Holcomb-McCoy listed gainful employment regulations implemented under the Obama administration as one of the things that DeVos has declined to commit to enforce.

“That was put in place to ensure first-generation college students in particular, students going to for-profit institutions, at least [to] have enough information to know when they’re making a choice to go to a particular institution and investing money to pay tuition to graduate from those programs, that they can feel pretty sure that it will give them entry into particular careers,” Holcomb-McCoy said. “By her not listing her support, for an administration that prides itself on being for the common man, this is ‘America first’ and bringing jobs back, that’s really disappointing.”

Dr. Awilda Rodriguez, assistant professor in the Center for the Study of Higher and Postsecondary Education University of Michigan, ripped into DeVos for her refusal to commit to not roll back the Office for Civil Rights or to ensure that the office continues to collect biannual data.

“It is extremely dangerous to have at the helm of the Department of Education Betsy DeVos, who values state and local rights at the cost of civil rights,” Rodriguez said.

“The Department of Education and the Office for Civil Rights has a critical role in ensuring students have equal opportunities to college prep courses, like AP and IB programs,” Rodriguez continued. “Through their data collection and investigations, OCR has uncovered numerous disparities in the ways students are prepared for college.”

Rodriguez said the Education Department and its Office of Civil Rights are “our only line of defense against changes in gubernatorial priorities and whims of state legislatures to ensure equitable access to higher education.”

“We can’t leave the enforcement of civil rights and equitable educational opportunities up to states,” Rodriguez said.

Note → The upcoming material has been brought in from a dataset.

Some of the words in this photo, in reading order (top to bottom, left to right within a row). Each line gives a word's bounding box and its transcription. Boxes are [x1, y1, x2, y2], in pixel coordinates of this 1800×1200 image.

Neal McCluskey, director of the Center for Educational Freedom at Cato, a libertarian thinktank, expressed concerns about DeVos, but for different reasons.

“I fear that the administration will try to steer education funds to vouchers or charters, but I’d take her at her word she won’t do it without Congress acting,” McCluskey said. “And the reason for my fear is the opposite of what most Dems on the HELP Committee expressed — I fear too much government control, not too little.”

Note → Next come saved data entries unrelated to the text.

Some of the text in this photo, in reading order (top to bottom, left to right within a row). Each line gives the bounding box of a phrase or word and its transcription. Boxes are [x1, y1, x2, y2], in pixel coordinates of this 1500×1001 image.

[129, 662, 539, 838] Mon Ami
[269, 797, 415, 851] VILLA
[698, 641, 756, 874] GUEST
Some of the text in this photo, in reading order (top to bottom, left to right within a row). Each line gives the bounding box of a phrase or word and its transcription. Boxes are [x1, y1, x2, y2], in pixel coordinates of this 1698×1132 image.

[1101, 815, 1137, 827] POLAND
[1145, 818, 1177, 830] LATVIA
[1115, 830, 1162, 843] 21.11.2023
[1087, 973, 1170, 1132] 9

Not everyone, however, was convinced that there wasn’t room for optimism for DeVos as secretary of education.

Shaun M. Dougherty, assistant professor of educational policy and leadership at the University of Connecticut Neag School of Education, penned a piece recently that says there is a bipartisan “silver lining in her confirmation — specifically, for those in the career and technical education (CTE) community.”

He was referring to reauthorization of the Carl D. Perkins Career and Technical Education Act, which he said could provide Democrats and Republicans common ground.

“In the current political atmosphere, where there seem to be few clear wins, lawmakers should be taking action with any options available,” Dougherty wrote. “And a reauthorization of the Perkins Act, with a focus on encouraging innovative models and systems of choice in CTE, could provide a hopeful example of bipartisan governance.”

However, Democrats are still hopeful to be able to block DeVos’ confirmation on the Senate floor.

“This fight is definitely not over,” a spokesperson for Rep. Mark Pocan, D-Wisc., said, noting that two Republican Senators on the Senate HELP committee — Susan Collins, R-Maine, and Lisa Murkowski, R-Alaska — voiced concerns about DeVos after the committee voted and indicated they were still undecided when DeVos comes before the full Senate.

The spokesperson said Democrats are hopeful that public scrutiny, pressure and DeVos’ “visible missteps” — such as initially saying that the federal Individuals with Disabilities Education Act was for states to enforce — will lead Republicans to reconsider whether DeVos deserves confirmation.